[EXERCISE DESCRIPTION]
If an entry contains a picture, omit that picture and transcribe everything else exactly.

[STUDY MATERIAL]
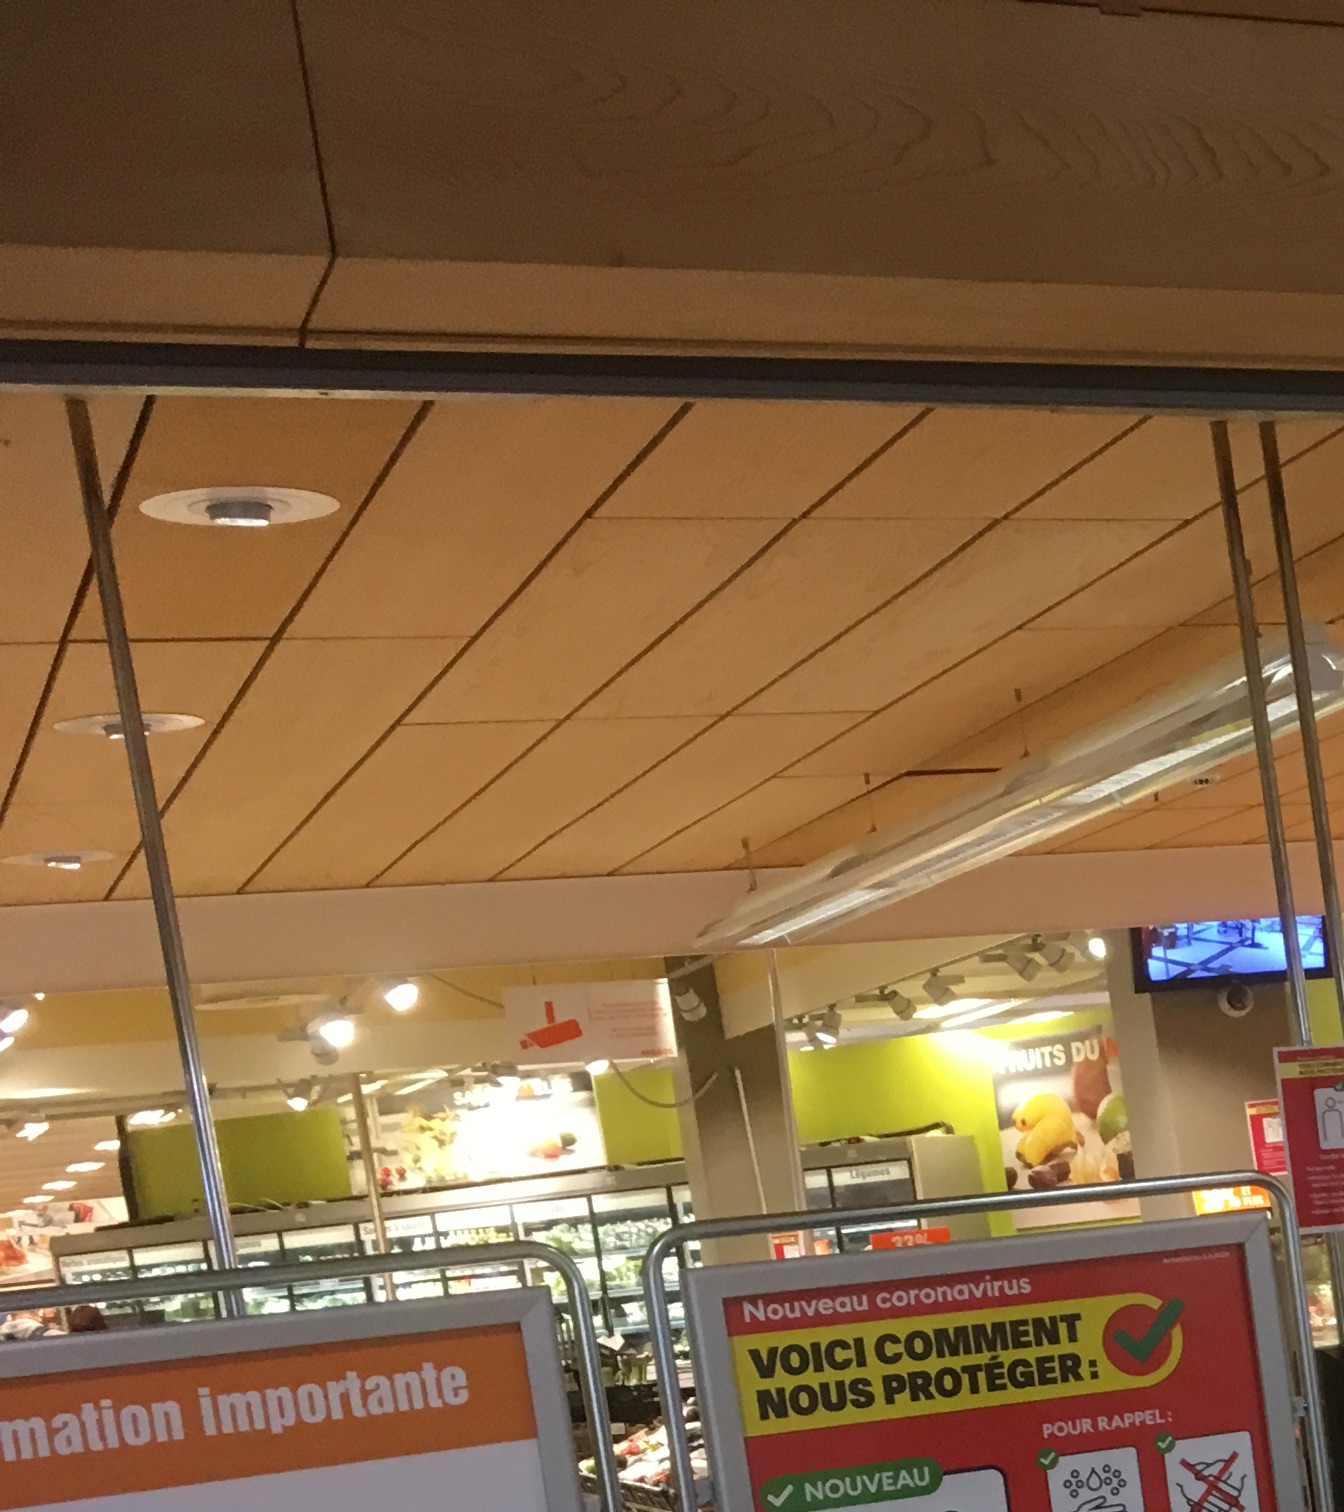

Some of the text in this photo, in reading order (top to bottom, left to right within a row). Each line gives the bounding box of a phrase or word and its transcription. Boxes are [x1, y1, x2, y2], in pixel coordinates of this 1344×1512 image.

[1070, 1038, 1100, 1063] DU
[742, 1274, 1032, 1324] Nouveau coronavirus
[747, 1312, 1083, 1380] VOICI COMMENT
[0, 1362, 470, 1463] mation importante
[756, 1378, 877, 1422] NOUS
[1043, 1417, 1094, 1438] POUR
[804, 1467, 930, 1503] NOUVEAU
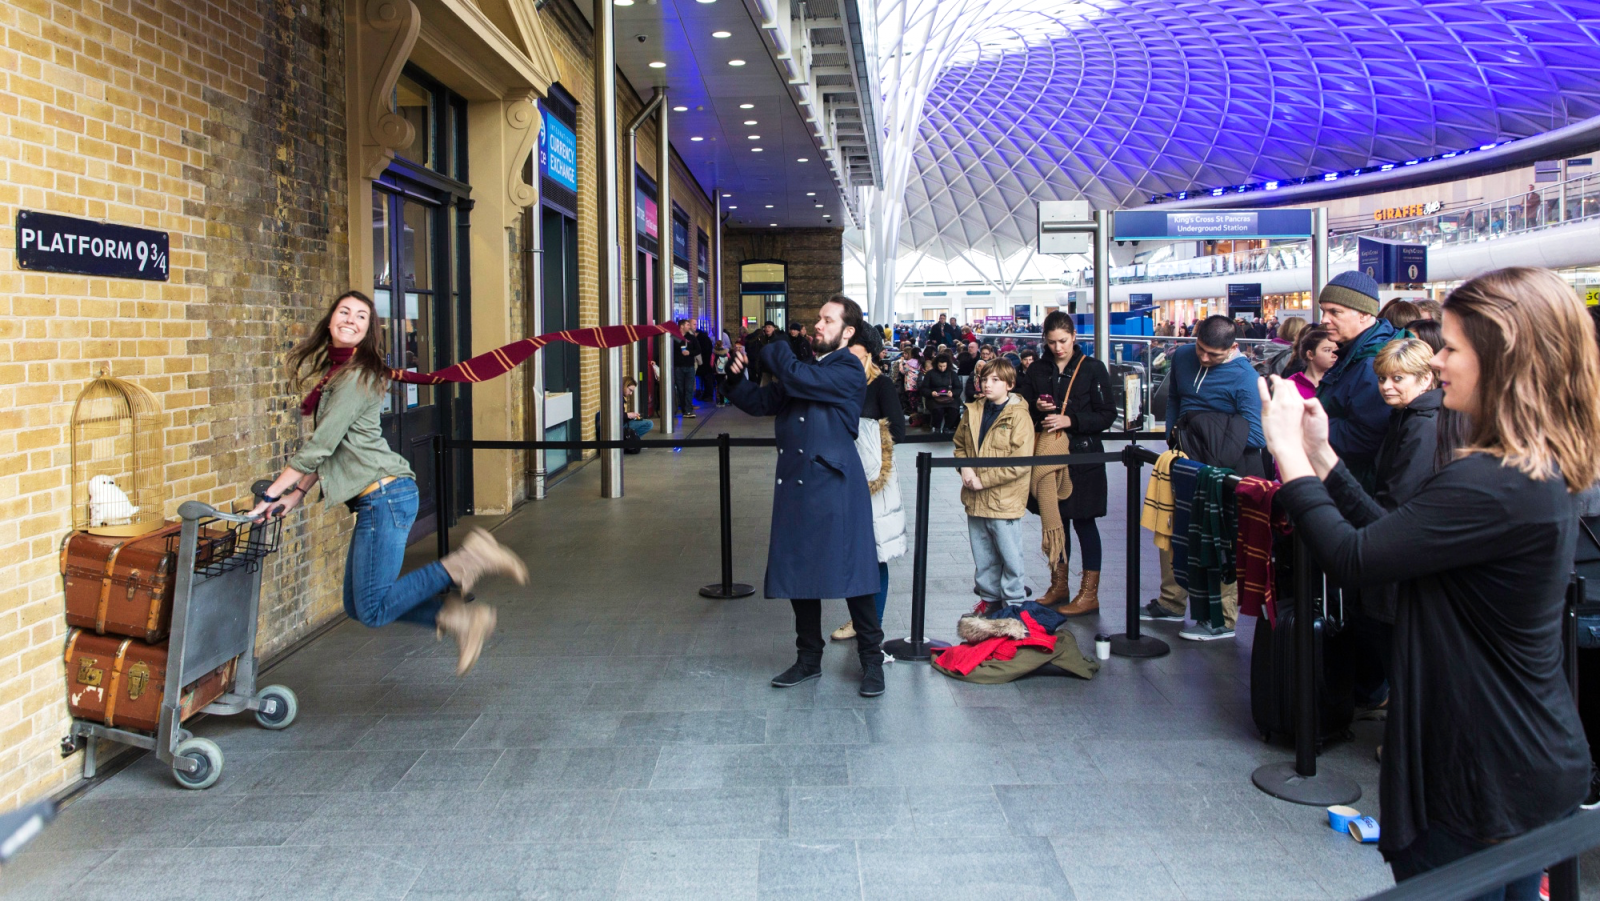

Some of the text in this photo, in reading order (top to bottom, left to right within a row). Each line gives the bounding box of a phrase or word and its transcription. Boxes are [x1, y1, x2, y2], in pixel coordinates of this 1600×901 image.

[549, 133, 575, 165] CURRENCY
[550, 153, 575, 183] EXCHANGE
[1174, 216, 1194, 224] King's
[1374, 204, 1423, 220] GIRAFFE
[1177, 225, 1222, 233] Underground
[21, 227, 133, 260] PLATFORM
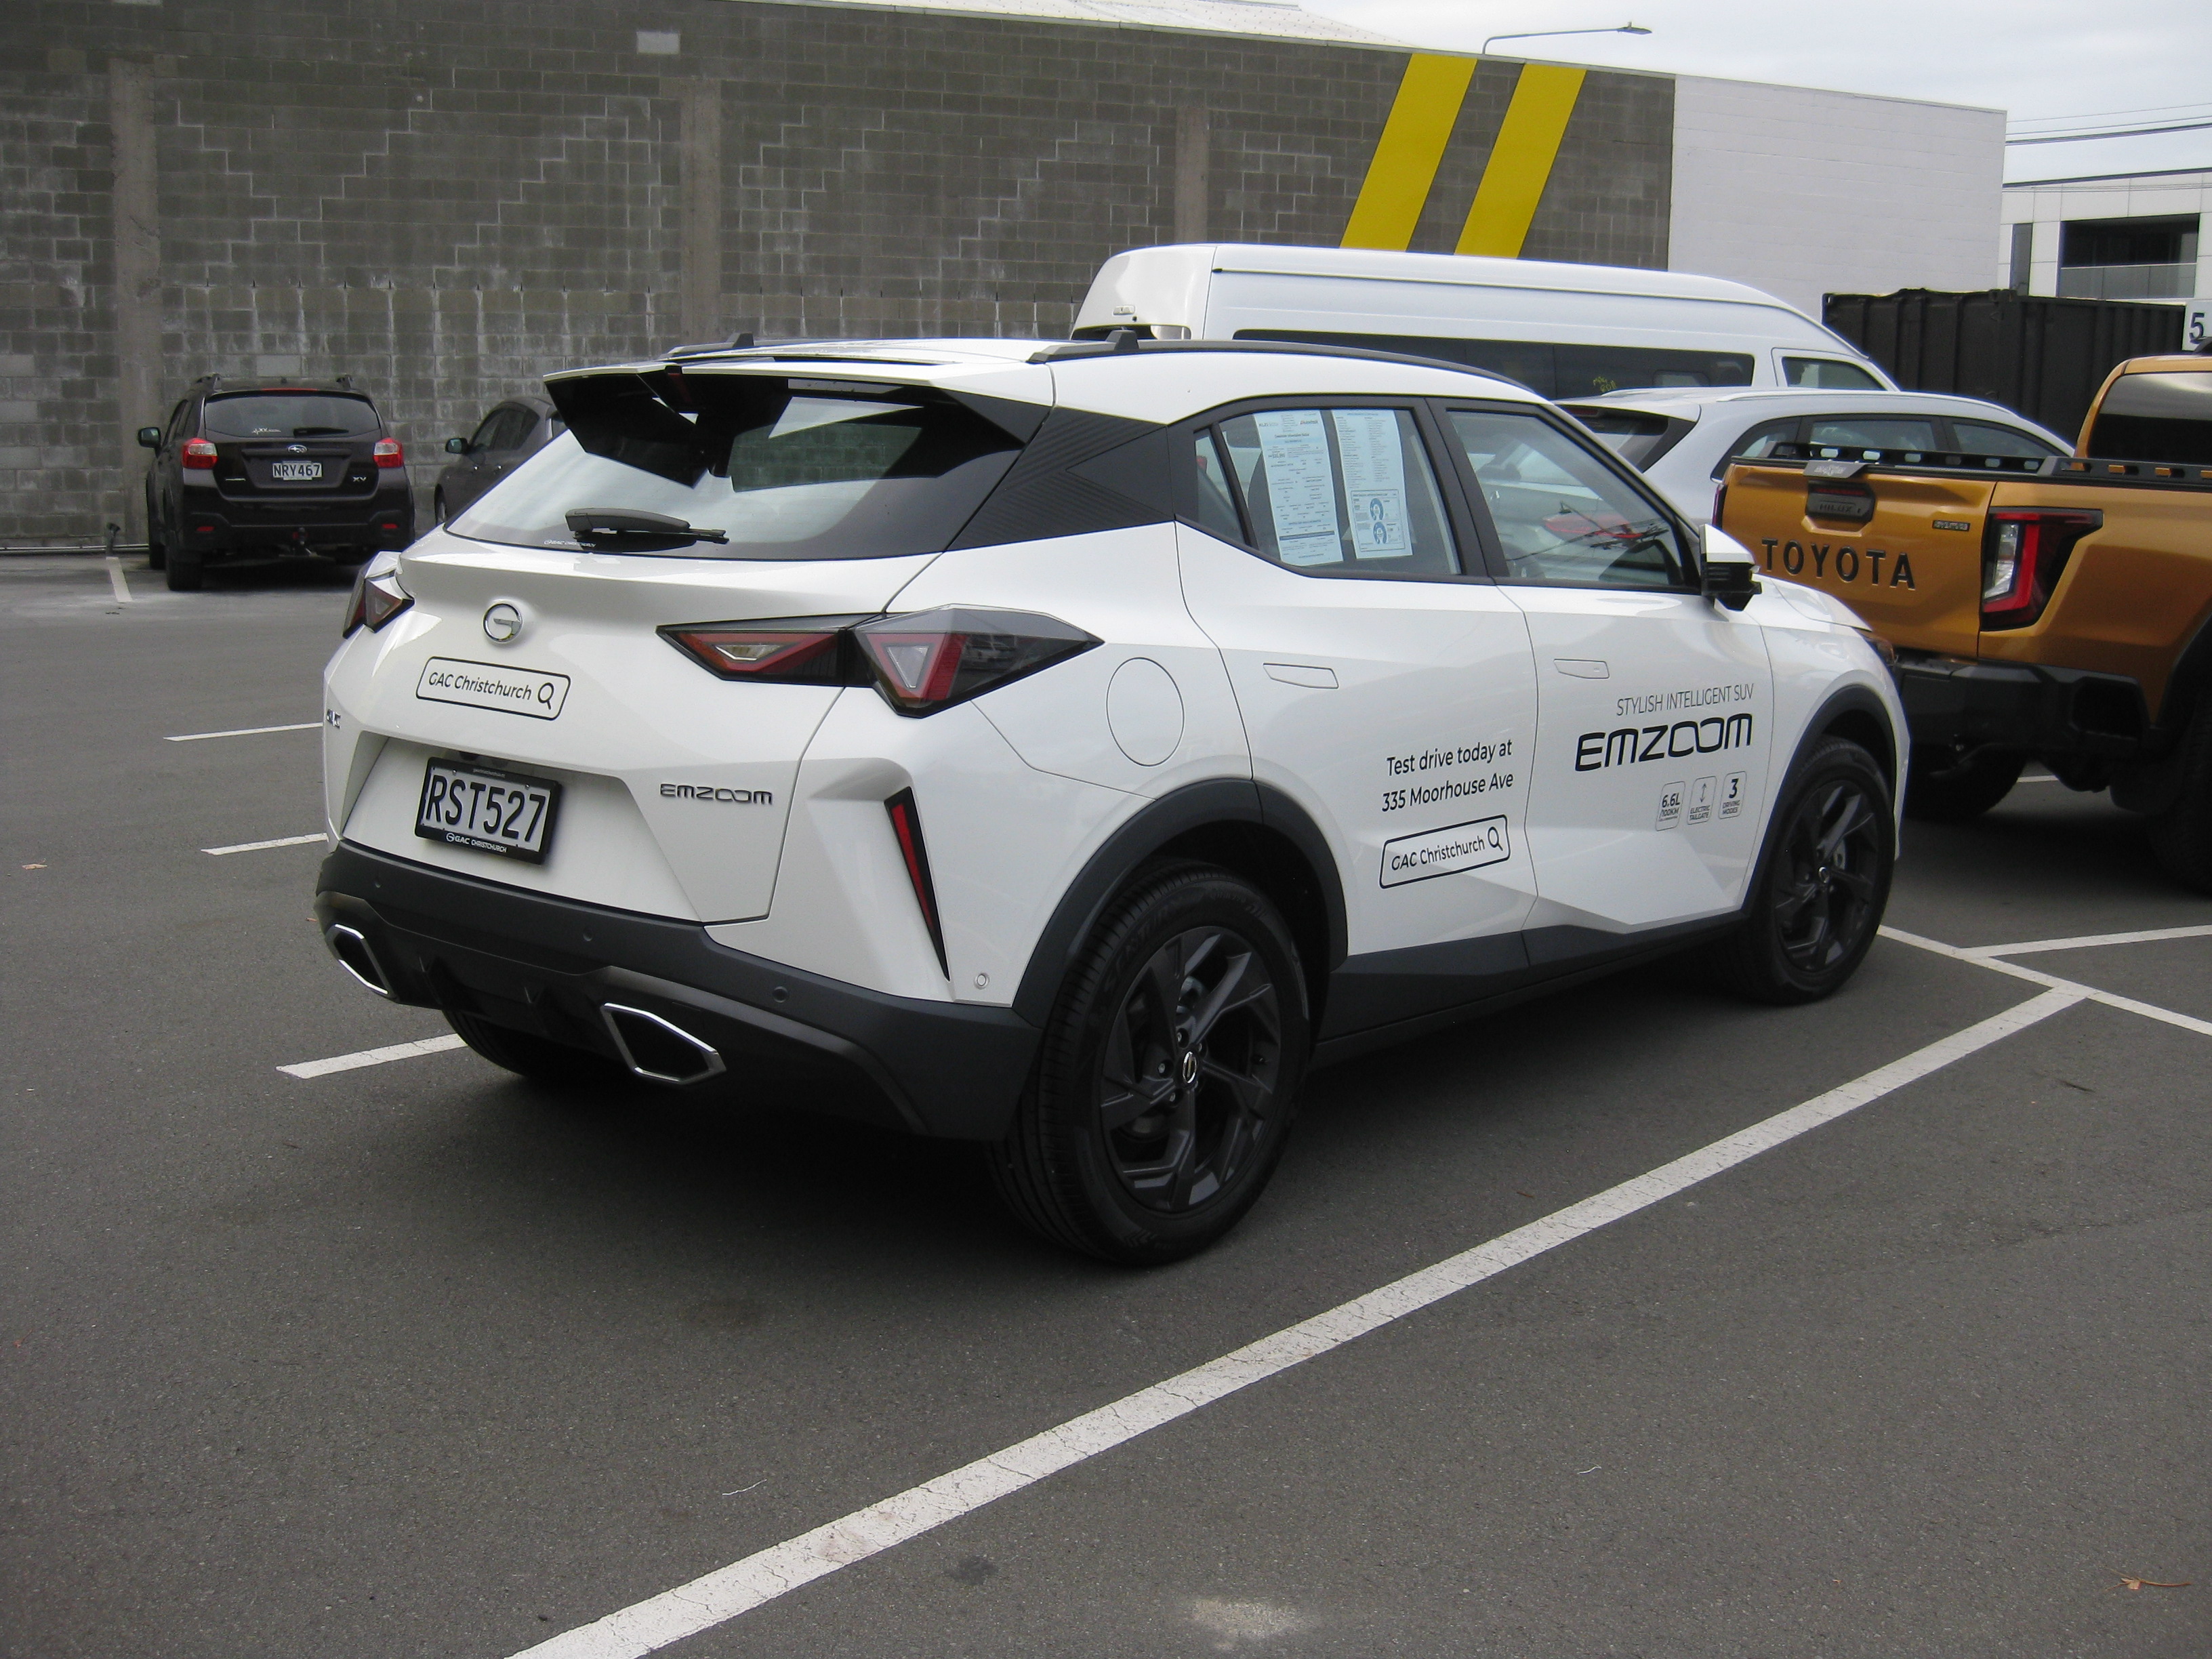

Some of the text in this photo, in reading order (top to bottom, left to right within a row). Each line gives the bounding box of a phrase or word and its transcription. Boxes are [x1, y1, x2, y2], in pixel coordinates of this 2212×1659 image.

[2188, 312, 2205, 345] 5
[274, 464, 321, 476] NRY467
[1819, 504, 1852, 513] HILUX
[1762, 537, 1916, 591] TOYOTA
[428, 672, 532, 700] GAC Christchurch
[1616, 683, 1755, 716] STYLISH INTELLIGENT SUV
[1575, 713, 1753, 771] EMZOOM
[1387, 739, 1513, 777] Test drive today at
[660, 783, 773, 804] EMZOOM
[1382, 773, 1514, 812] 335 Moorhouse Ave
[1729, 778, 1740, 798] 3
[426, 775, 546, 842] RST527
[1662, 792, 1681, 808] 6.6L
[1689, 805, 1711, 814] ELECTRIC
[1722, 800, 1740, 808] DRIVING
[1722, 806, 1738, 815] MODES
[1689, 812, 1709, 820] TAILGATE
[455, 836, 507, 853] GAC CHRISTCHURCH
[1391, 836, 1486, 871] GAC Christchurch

[WRITTEN REPLY]
Some of the text in this photo, in reading order (top to bottom, left to right within a row). Each line gives the bounding box of a phrase or word and its transcription. Boxes are [x1, y1, x2, y2], in pixel coordinates of this 1344×1512 image.

[1070, 1038, 1100, 1063] DU
[742, 1274, 1032, 1324] Nouveau coronavirus
[747, 1312, 1083, 1380] VOICI COMMENT
[0, 1362, 470, 1463] mation importante
[756, 1378, 877, 1422] NOUS
[1043, 1417, 1094, 1438] POUR
[804, 1467, 930, 1503] NOUVEAU

Some of the text in this photo, in reading order (top to bottom, left to right within a row). Each line gives the bounding box of a phrase or word and its transcription. Boxes are [x1, y1, x2, y2], in pixel coordinates of this 1600×901 image.

[549, 133, 575, 165] CURRENCY
[550, 153, 575, 183] EXCHANGE
[1174, 216, 1194, 224] King's
[1374, 204, 1423, 220] GIRAFFE
[1177, 225, 1222, 233] Underground
[21, 227, 133, 260] PLATFORM

Some of the text in this photo, in reading order (top to bottom, left to right within a row). Each line gives the bounding box of a phrase or word and its transcription. Boxes are [x1, y1, x2, y2], in pixel coordinates of this 2212×1659 image.

[2188, 312, 2205, 345] 5
[274, 464, 321, 476] NRY467
[1819, 504, 1852, 513] HILUX
[1762, 537, 1916, 591] TOYOTA
[428, 672, 532, 700] GAC Christchurch
[1616, 683, 1755, 716] STYLISH INTELLIGENT SUV
[1575, 713, 1753, 771] EMZOOM
[1387, 739, 1513, 777] Test drive today at
[660, 783, 773, 804] EMZOOM
[1382, 773, 1514, 812] 335 Moorhouse Ave
[1729, 778, 1740, 798] 3
[426, 775, 546, 842] RST527
[1662, 792, 1681, 808] 6.6L
[1689, 805, 1711, 814] ELECTRIC
[1722, 800, 1740, 808] DRIVING
[1722, 806, 1738, 815] MODES
[1689, 812, 1709, 820] TAILGATE
[455, 836, 507, 853] GAC CHRISTCHURCH
[1391, 836, 1486, 871] GAC Christchurch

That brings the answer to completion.